Analysis of downstream targets of the inhibitory molecule CTLA-4 on CD8+ T cells revealed potential targets to improve or provide an alternative to established immune checkpoint therapies (9). One of the potential targets is the self-ligating receptor SLAMF7 (CD319), a member of the Signaling Lymphocyte Activation Molecule (SLAM) family expressed on hematopoietic cells (10–15). Through its cytoplasmic immunoreceptor tyrosine-based switch motifs (ITSMs), it has been proposed to recruit several Src homology-2 (SH-2) domain-containing adapter proteins such as EAT-2, SHP-1 and SHP-2, SHIP1, Csk, Fyn or PLC-γ (14–16). On NK cells, SLAMF7 is known to promote activation and degranulation, but also mediate inhibitory signals in the absence of the adaptor EAT-2 (13, 14, 16). Due to its high expression on myeloma cells monoclonal antibodies have been developed to target SLAMF7 as a tumor antigen, leading to NK-cell mediated antibody-dependent cellular cytotoxicity (ADCC) (17–19). Further it has been shown that SLAMF7 promotes phagocytosis of cancer cells by macrophages through interaction with Mac-1 (20).
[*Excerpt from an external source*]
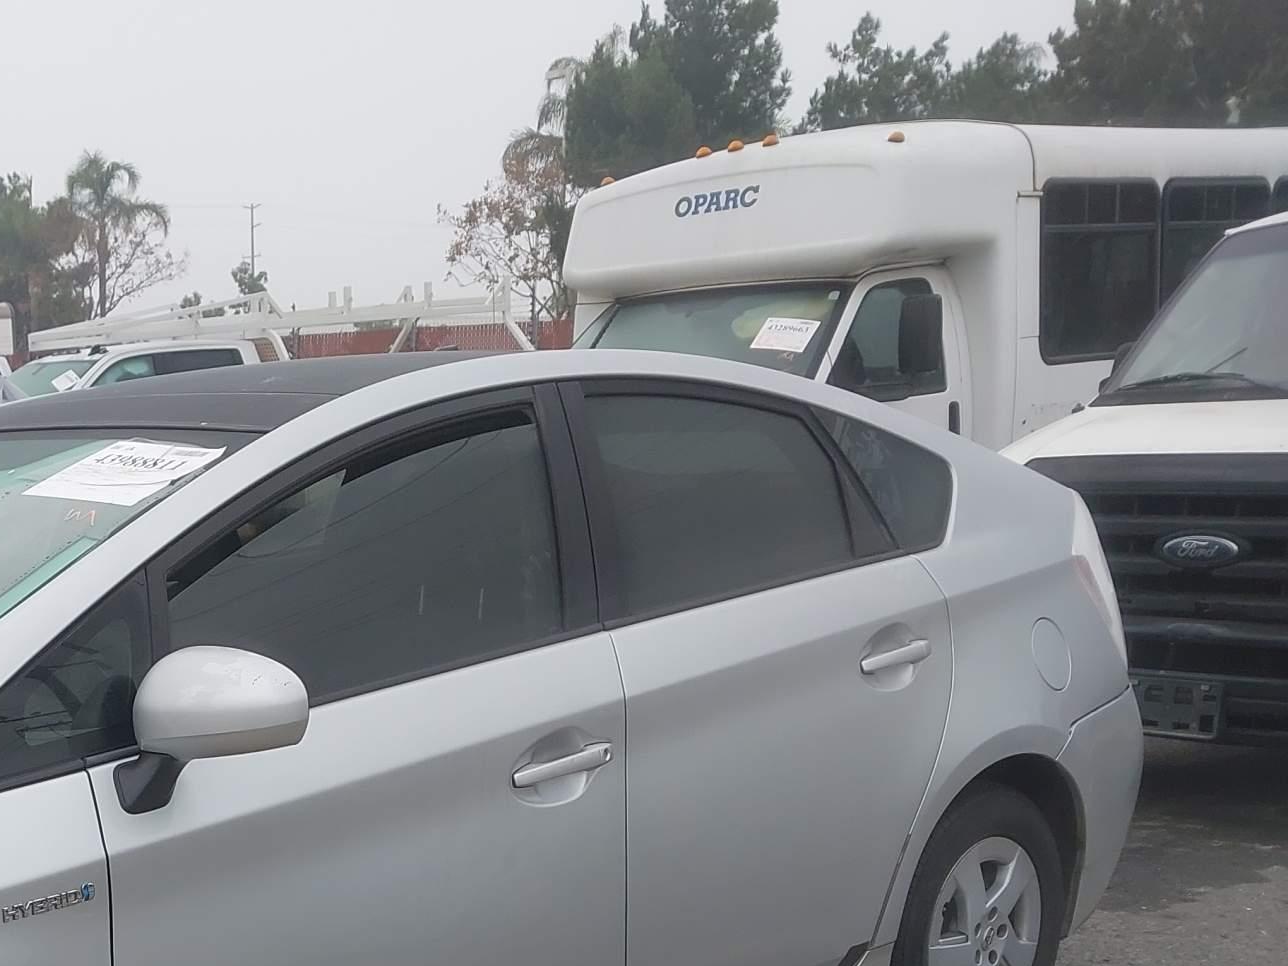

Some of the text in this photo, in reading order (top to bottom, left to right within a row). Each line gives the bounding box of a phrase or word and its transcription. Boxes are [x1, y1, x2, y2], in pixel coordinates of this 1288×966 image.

In T cells, SLAMF7 is predominantly expressed on cytotoxic CD8+ T cells and on a subset of cytolytic CD4+ T cells (21, 22). Its engagement has been shown to restore effector function in dysfunctional CD8+ T cells in systemic lupus erythematosus, and to enhance cytotoxicity in tumor-specific CD4+ T cells upon agonistic stimulation (23, 24). However, in cancer-related contexts, SLAMF7 expression on CD8+ T cells is also associated with T cell exhaustion and a suppressive phenotype (25, 26). In a murine model, SLAMF7 engagement during CD8+ T-cell priming was shown to integrate environmental cues into acquisition of cytotoxic effector functions (15). These findings underline the ambivalent role of SLAMF7 in T-cell biology, ranging from immune activation to dysfunction, depending on the cellular and environmental context.
In this study, we aimed to resolve this ambiguity by identifying upstream signals that regulate SLAMF7 expression in human CD8+ T cells and by assessing whether SLAMF7 co-stimulation enhances or impairs CD8+ T-cell responses. Our findings provide insights into the contextual role of SLAMF7 in CD8+ T cells and explore its potential as a target to modulate T-cell function for cancer immunotherapy.
Materials and methods
Human samples
Leukocyte reduction cones from healthy adult donors were obtained from the University Blood Bank Magdeburg (12/2023–03/2024) and the German Red Cross Dessau (04/2024–11/2024). Peripheral blood and lymph node tissue from HNSCC patients were provided by the Department of Otorhinolaryngology, University Hospital Magdeburg. Written informed consent was obtained from all participants in accordance with the Declaration of Helsinki, and the study was approved by the local ethics committee of the University of Magdeburg (OVGU) (Certificate 53/19).
Enrichment of cells
PBMCs were isolated by density gradient centrifugation using Pancoll (PAN Biotech). CD8+ T cells and CD14+ monocytes were purified by magnetic cell separation (Miltenyi Biotec) according to the manufacturer’s protocol, reaching routinely purities of ≥98%. Tumor-draining lymph nodes were minced and digested overnight at 37°C in RPMI containing 1 mg/ml collagenase, 5% heat-inactivated FCS, and Penicillin/Strepto-mycin. Single-cell suspensions were filtered and processed as above for CD8+ T-cell isolation. CD8+ T cells were cultured in X-VIVO 15 medium (Lonza) supplemented with 10 ng/ml IL-12 (Proteintech), unless stated otherwise. For stimulation, 5 µm sulfate polystyrene microspheres (Thermo Fisher) were coated with antibodies or fusion proteins at 1 × 108 microspheres/ml in DPBS.
T-cell stimulation
Microspheres were loaded with 1 µg/ml αCD3 ab (clone HIT3α, BioLegend) in combination with either 3 µg/ml αSLAMF7 ab (clone 162.1, BioLegend), 3 µg/ml SLAMF7-Fc fusion protein (R&D Systems), or 3 µg/ml IgG2b isotype control ab (BioLegend). αCD3 ab (1 µg/ml) plus αCD28 ab (0.5 µg/ml, BioLegend) served as positive control (Supplementary Table 1A). Cells were stimulated at a 5:4 cell-to-microsphere ratio. For antigen-specific activation microspheres were coated with 2 µg/ml recombinant HLA-A2:Ig fusion protein (DimerX, BD Biosciences) together with either 3 µg/ml αSLAMF7 or IgG2b isotype control ab. To load HLA molecules, these microspheres were pulsed with 1 µg/ml CEFX or NY-ESO-1 peptides (JPT Peptide Technologies), washed and used in T-cell stimulation assays. IL-2 (10 ng/ml) was added on day 3. Cells were stimulated at a 3:2 cell-to-microsphere ratio.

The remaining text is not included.